As part of that deal, the Haarlemers had insisted on face-to-face contact with the commander of the flotilla. There had seemed no principled reason to refuse.


The Haarlem registry helicopter had come in with the morning sun. Undaunted by the machine guns ostentatiously trained on it, it had flown twice around the Dos Lindas before settling down to a marked spot on the rear deck. There it was met by a small party of escorts and brought down to CIC to meet the skipper.


* * *


Fosa shook hands; Kurita bowed slightly. The Haarlemers introduced themselves as Ms. Klasina Frank and her administrative assistant, Christian Verdonk. Frank seemed extremely pale and rather plump, quite in contrast to the very deeply tanned and athletic-looking Verdonk.

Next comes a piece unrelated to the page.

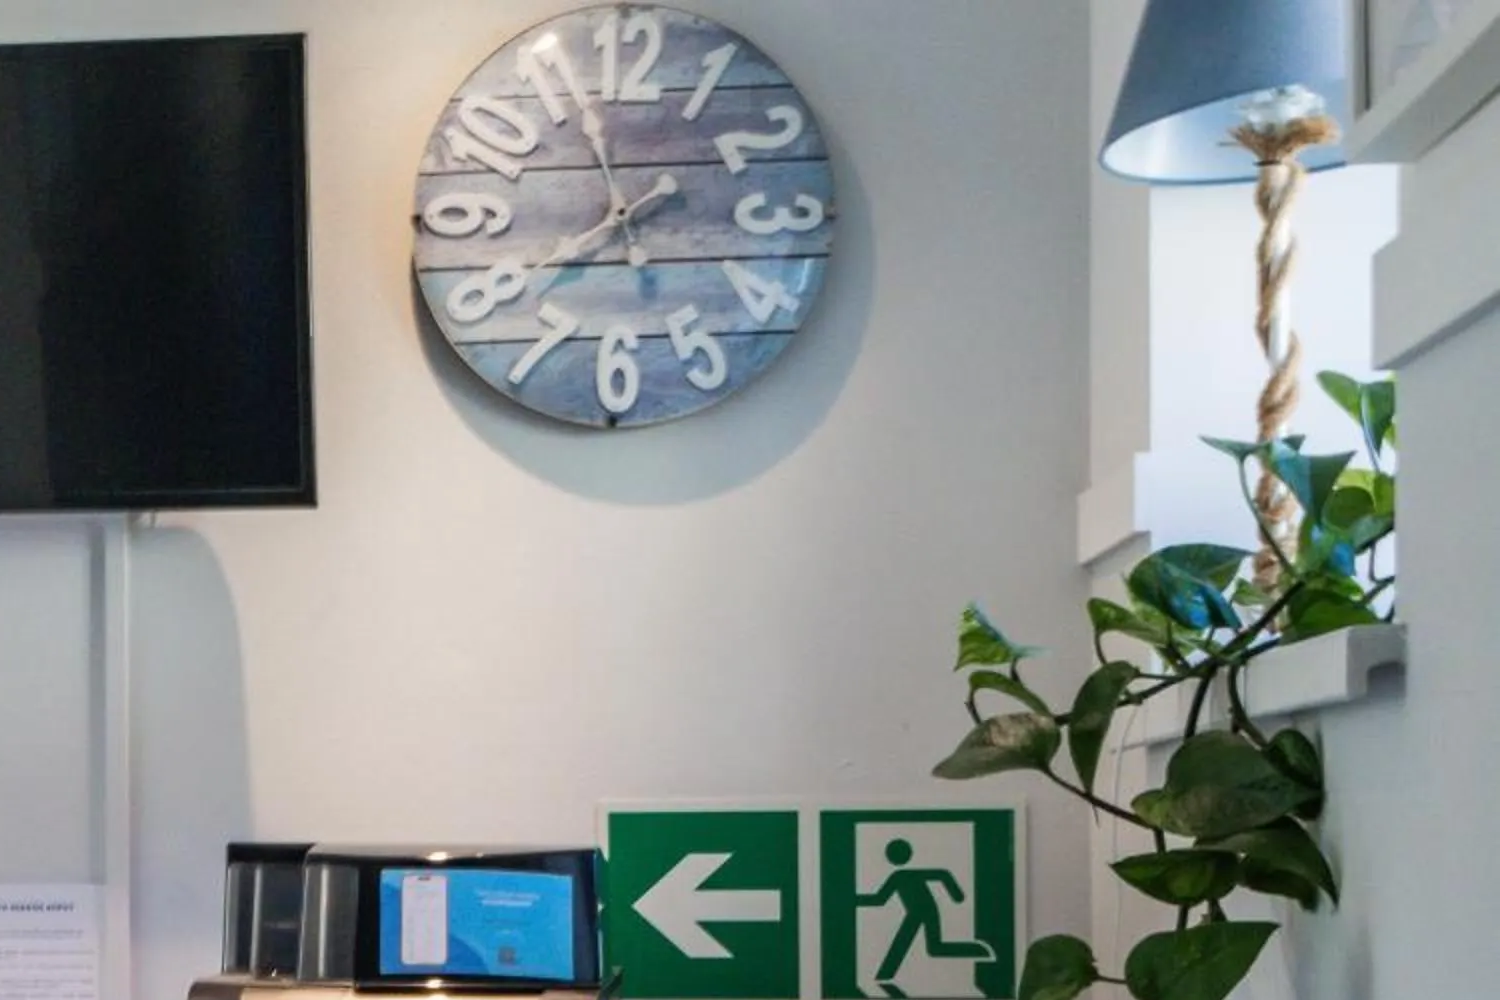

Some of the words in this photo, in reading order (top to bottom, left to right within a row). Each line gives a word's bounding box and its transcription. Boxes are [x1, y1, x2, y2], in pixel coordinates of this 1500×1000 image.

Both Haarlemers' faces were guardedly friendly as Fosa led them through a tour of the ship. He took them through the five decks of the ship's tower, then down to the deck encircling the hangar and finally down to the hangar deck itself where he'd assembled one company of Cazadors and a roughly equal number of ship and air crew. Frank and Verdonk walked the line, following Fosa. He didn't lead them down each rank.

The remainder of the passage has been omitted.